POÇO REDONDO: ASPECTOS SOBRE O REFÚGIO DO SOL (Oitava viagem)

POÇO REDONDO: ASPECTOS SOBRE O REFÚGIO DO SOL (Oitava viagem)

Rangel Alves da Costa*


Como observado, Alcino Alves Costa propõe uma nova versão para o surgimento e povoação do Poço de Cima, marco de origem de Poço Redondo. Com efeito, ao passar a ser denominado de Poço Redondo, não significou que o Poço de Cima tivesse deixado de existir. Pelo contrário, pois boa parte dos moradores continuou por lá, principalmente os Sousa e os Cardoso, com suas moradias, fazendas, labutas cotidianas e tendo a fé católica expressada na igrejinha que construíram. Alguns vestígios dessas moradias ainda existem, como a pequena capela também.

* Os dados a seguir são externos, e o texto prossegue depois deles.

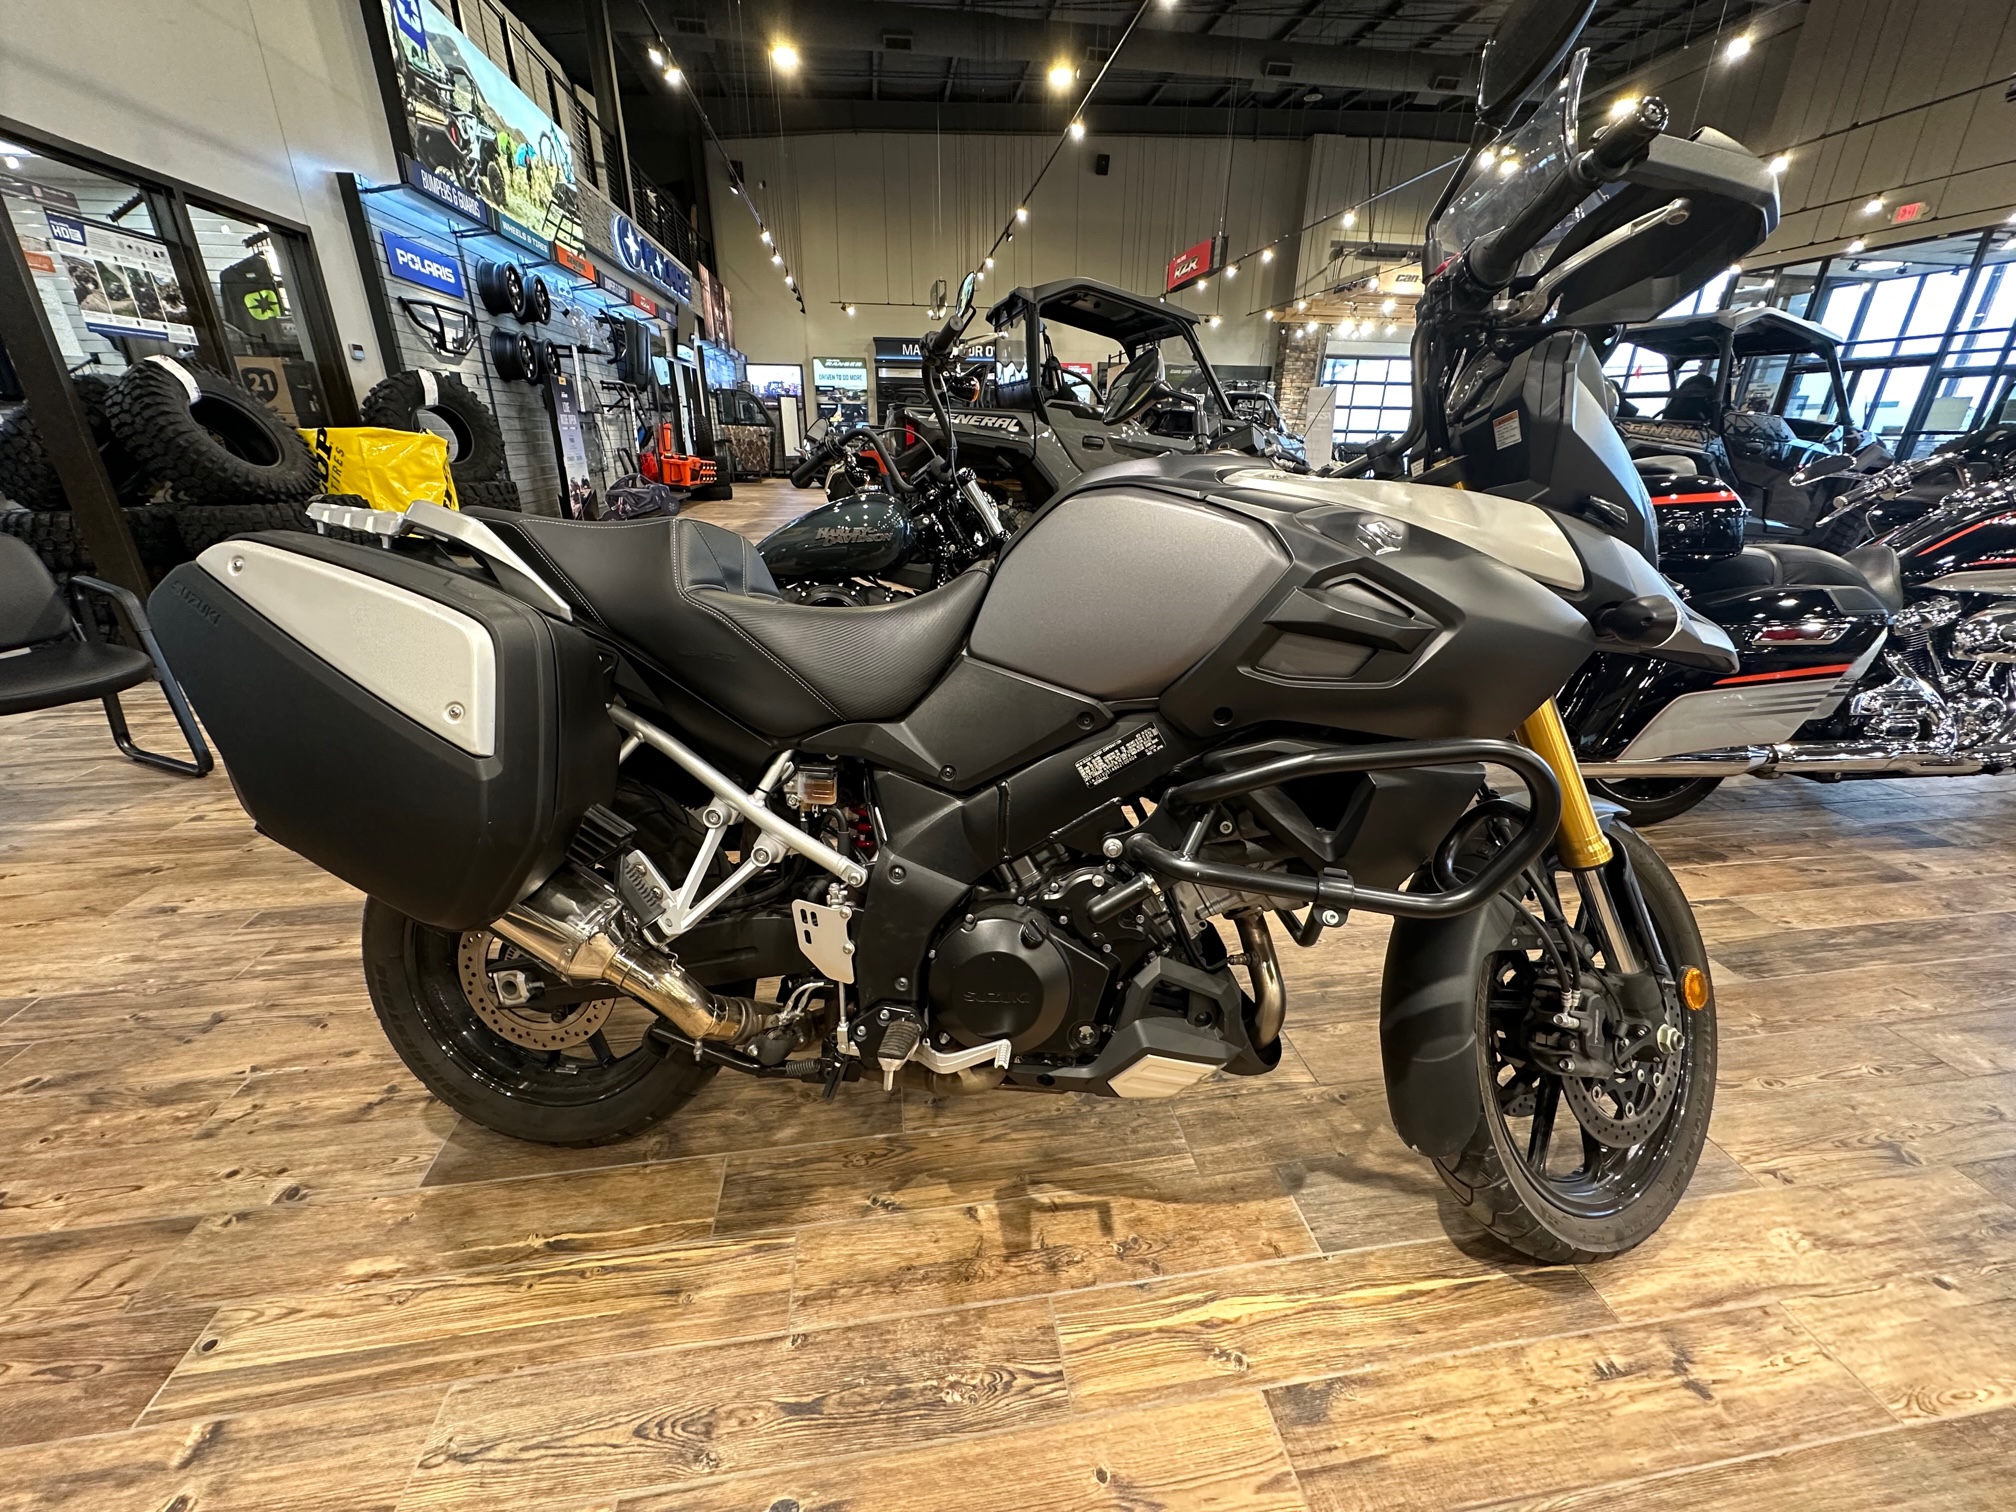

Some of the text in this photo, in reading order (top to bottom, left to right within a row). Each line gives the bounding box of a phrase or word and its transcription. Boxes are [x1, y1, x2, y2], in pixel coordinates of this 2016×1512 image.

Quando alguns dos habitantes do Poço de Cima perceberam - a partir dos cultivos e dos criatórios existentes na região um pouco mais abaixo -, que o local era mais adequado para fixar moradia, principalmente porque seria muito mais fácil e mais perto de dar água ao gado nos poços existentes no riachinho logo ao lado, então é que verdadeiramente passou a surgir o Poço Redondo.

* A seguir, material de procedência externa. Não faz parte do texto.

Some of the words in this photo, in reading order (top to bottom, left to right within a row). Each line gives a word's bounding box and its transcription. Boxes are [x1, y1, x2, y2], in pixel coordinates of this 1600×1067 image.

Assim, a existência no riacho Jacaré de uma cacimba grande, de um poço redondo onde o sertanejo todas as tardes ia dar de beber ao seu rebanho, fez com que nascesse a denominação Poço Redondo, como passou a ser chamada a nova povoação. Maiores detalhes mais adiante, quando citarei um artigo de minha autoria intitulado "Pasmem, Poço Redondo existe!".
Voltando ainda ao processo de formação histórica do município, considerando o embate entre as informações repassadas pelo IBGE e as conclusões obtidas por Alcino Alves Costa nas suas pesquisas, recordo-me que próximo à época da publicação da história de Poço Redondo na página História dos Municípios do Jornal Cinform, esbocei minha própria história sobre o município onde nasci, anexando ainda um artigo também de minha autoria sobre Zé de Julião, um dos maiores poço-redondenses de todos os tempos. "Todas as vidas de um sertanejo" foi o título do artigo.

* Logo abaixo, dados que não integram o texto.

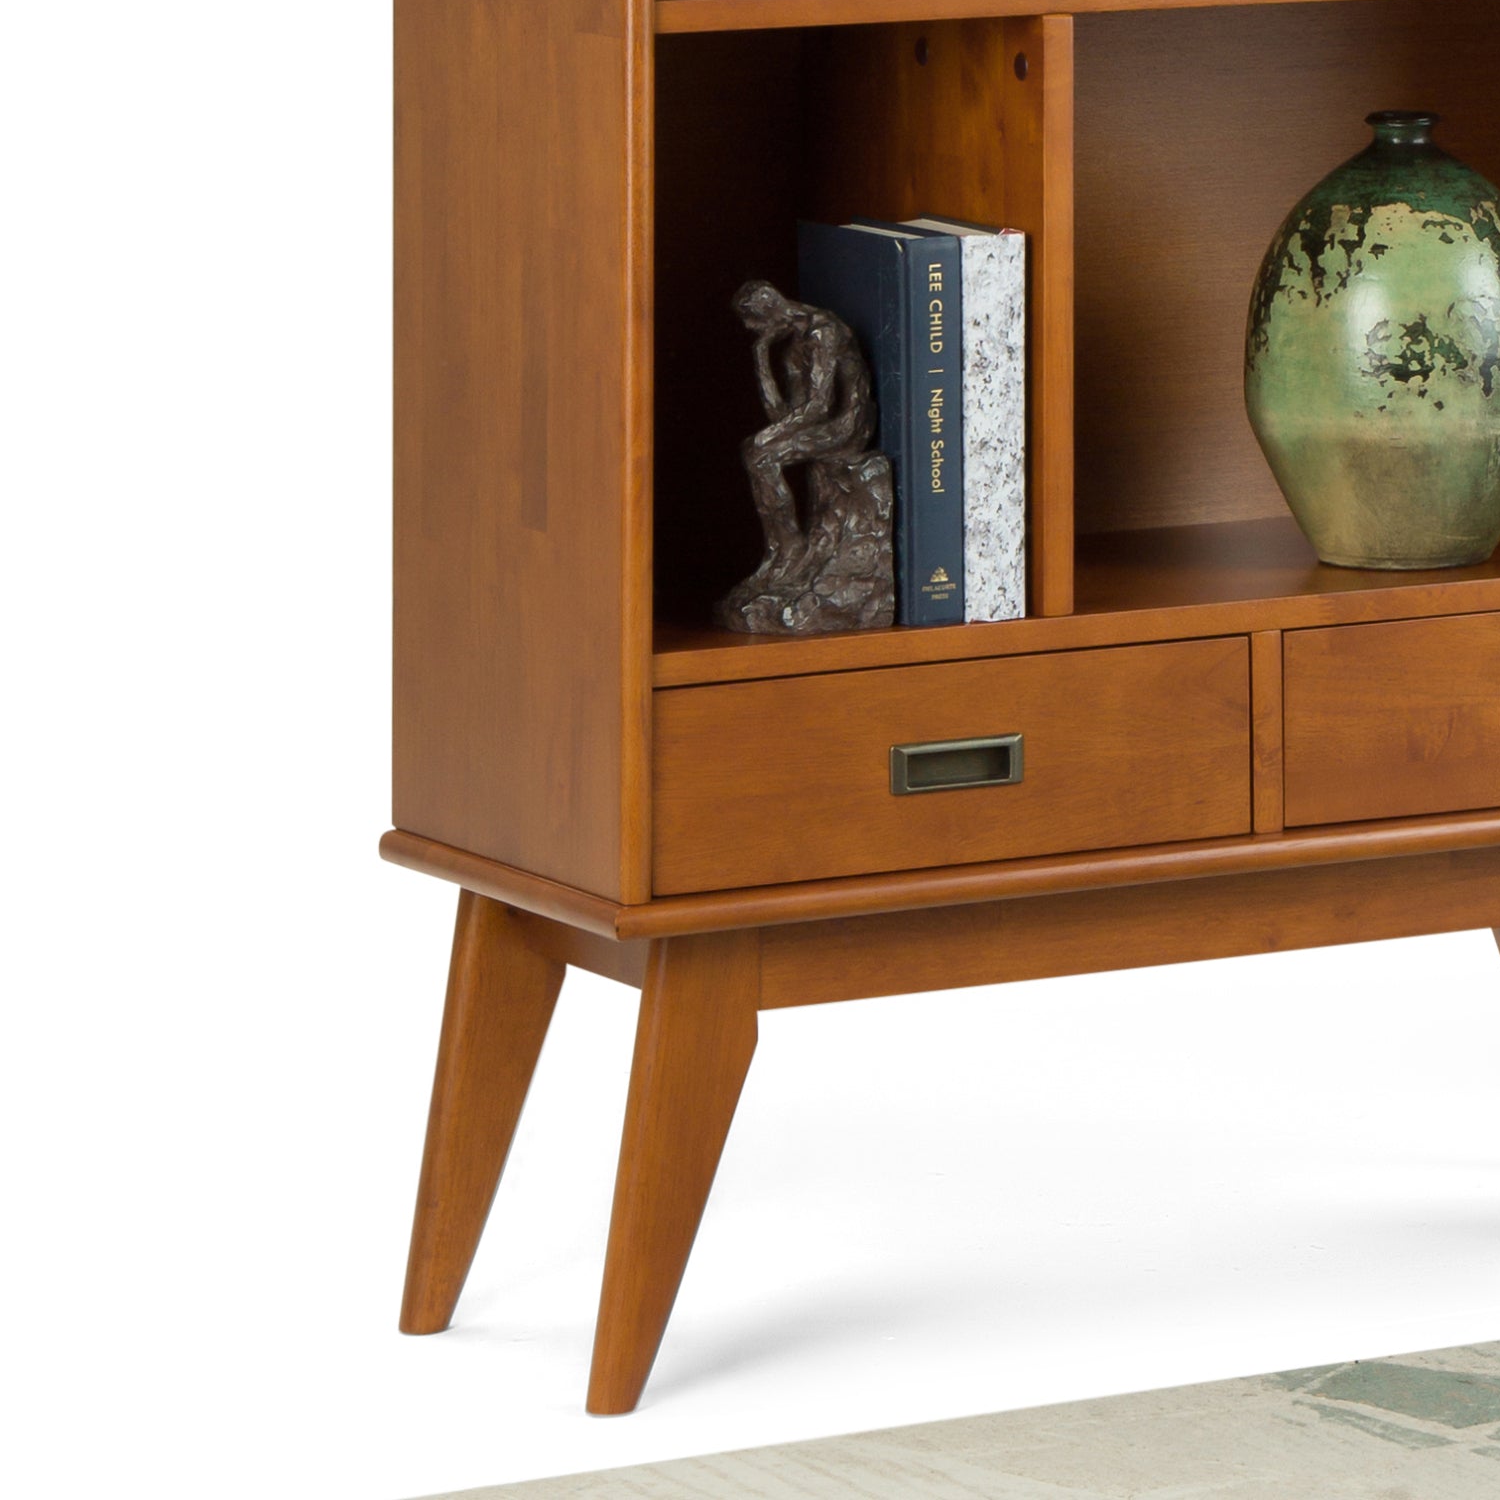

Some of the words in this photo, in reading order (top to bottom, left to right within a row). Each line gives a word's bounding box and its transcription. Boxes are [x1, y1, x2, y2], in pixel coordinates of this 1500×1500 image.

[928, 262, 943, 292] LEE
[928, 298, 944, 354] CHILD
[927, 388, 944, 434] Night
[929, 440, 945, 494] School

A minha história foi aproveitada em parte, dado às informações já obtidas pela jornalista Carla Passos, mas o artigo foi publicado na íntegra (Cinform, edição 962, 17 a 23 de setembro de 2001). Mais adiante cuidaremos desse aspecto. Contudo, abaixo será transcrito o que à época escrevi sobre a história de Poço Redondo. Como poderão perceber, há nele muitos dos dados fornecidos pelo IBGE, não somente com relação a Poço Redondo, mas também no que diz respeito a Porto da Folha. Afinal, falar sobre a história de um é ter que, necessariamente, citar parte da história do outro, pois Poço Redondo nasceu buraqueiro. Eis o texto:
"A chegada dos primeiros habitantes ao território de Poço Redondo está vinculada aos sertanejos que tiveram suas fazendas de gado empurradas para o sertão, bem como ao afluxo de criatórios chegados através do rio São Francisco, por isso mesmo também denominado "Rio dos Currais". Assim, na segunda metade do século XVII, a formação de currais e de locais de pouso e passagem deu lugar a vilas e cidades, como ocorreu com Poço Redondo.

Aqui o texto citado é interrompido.